Kathryn Phillips is Director, California Transportation and Air Initiative.
Four years ago, when the economy was strong and building was booming, the Congressional Research Service (PDF) confirmed what a quick drive on rural roads suggested: there’s too much poverty in the San Joaquin Valley. At that point, the report noted, by nearly every typical measure—per capita income, unemployment rates, household income, poverty rates—socioeconomic conditions in the Valley fell “significantly below national and California averages.”
Today things are even worse for a lot of reasons: housing construction jobs are gone; farm labor demand has not grown, and in some places has fallen as farmers respond to drought; and the cost of transportation to jobs has become prohibitive. The nation’s down economy is even downer in the Valley.
People in power have been responding to this emergency with valuable help in the last few weeks. And so we send kudos to:
- Senators Dianne Feinstein and Barbara Boxer, who have weighed in with the Obama Administration to request assistance for Fresno County, where some of the worst poverty is located. Their letter to President Obama is notable for its laser-like focus on drought impacts, long-term solutions, and the need for immediate assistance to those most in need.

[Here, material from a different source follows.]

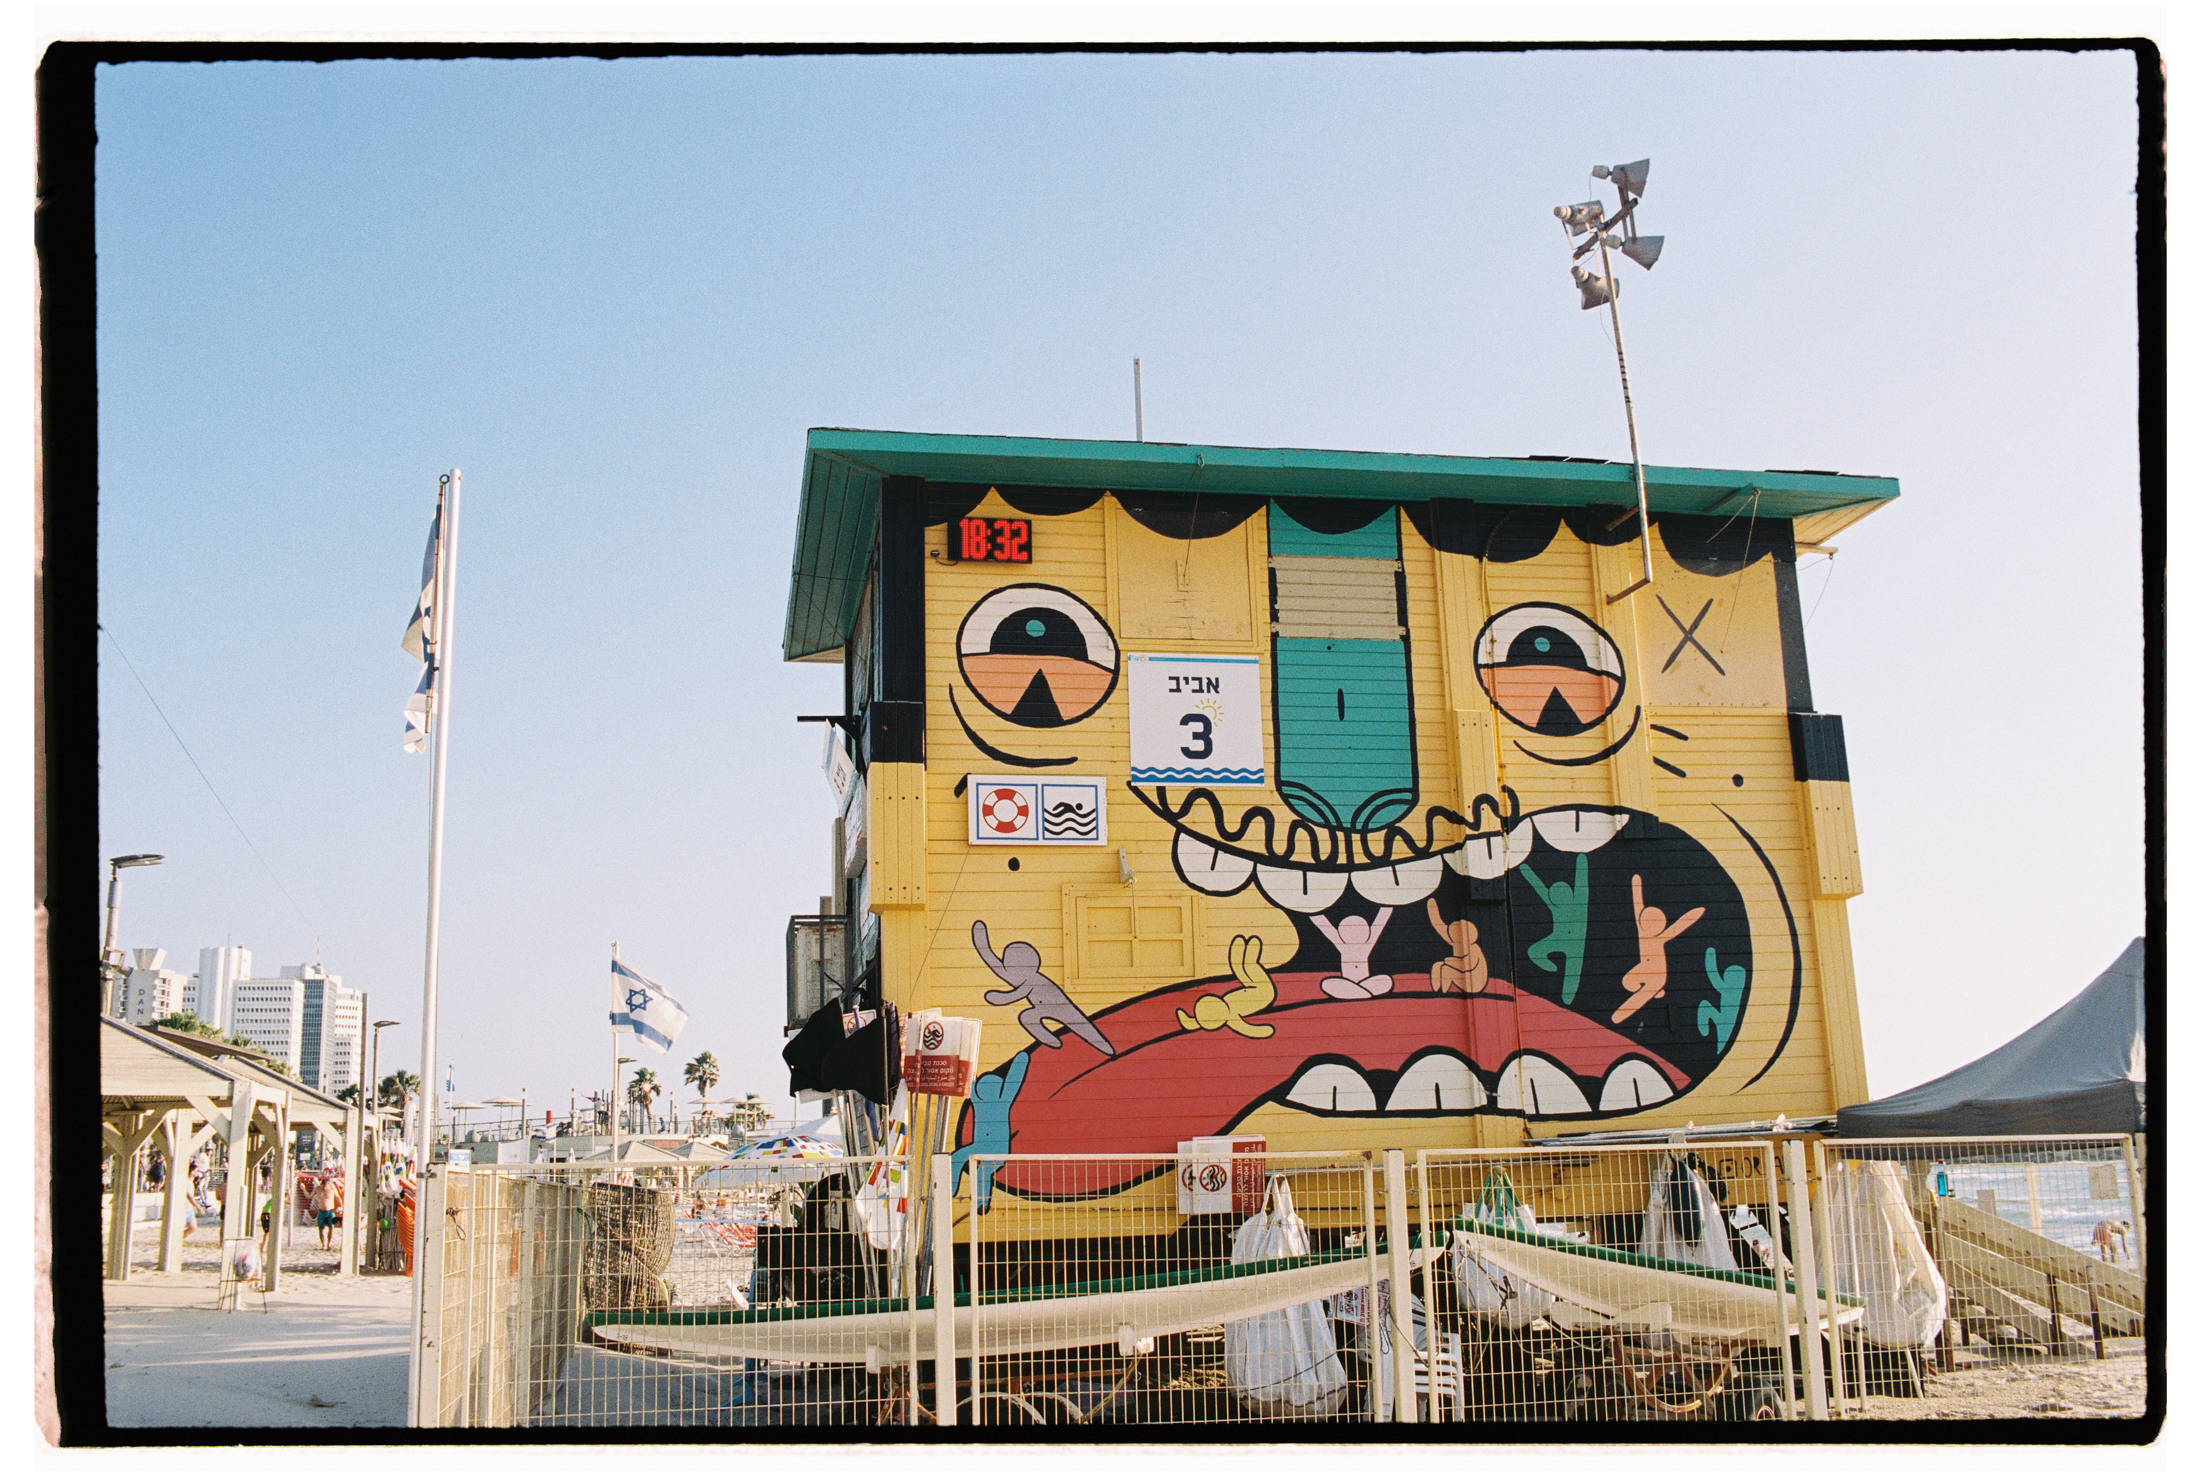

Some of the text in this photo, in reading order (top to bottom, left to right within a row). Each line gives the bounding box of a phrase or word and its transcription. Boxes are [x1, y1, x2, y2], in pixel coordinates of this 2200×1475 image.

- Governor Arnold Schwarzenegger for sending $4 million of emergency assistance to the worst-hit parts of the Valley, and also for requesting more emergency aide from the Obama Administration.
- Secretary of Interior Ken Salazar and the Obama Administration for unleashing hundreds of millions in recovery funds to California, including $40 million for water conservation (most of which will be directed to the Valley).
This help reaches beyond the high-pitched rhetoric of California’s ages-long water debate in the Valley. It focuses on getting food and jobs to communities that have long suffered.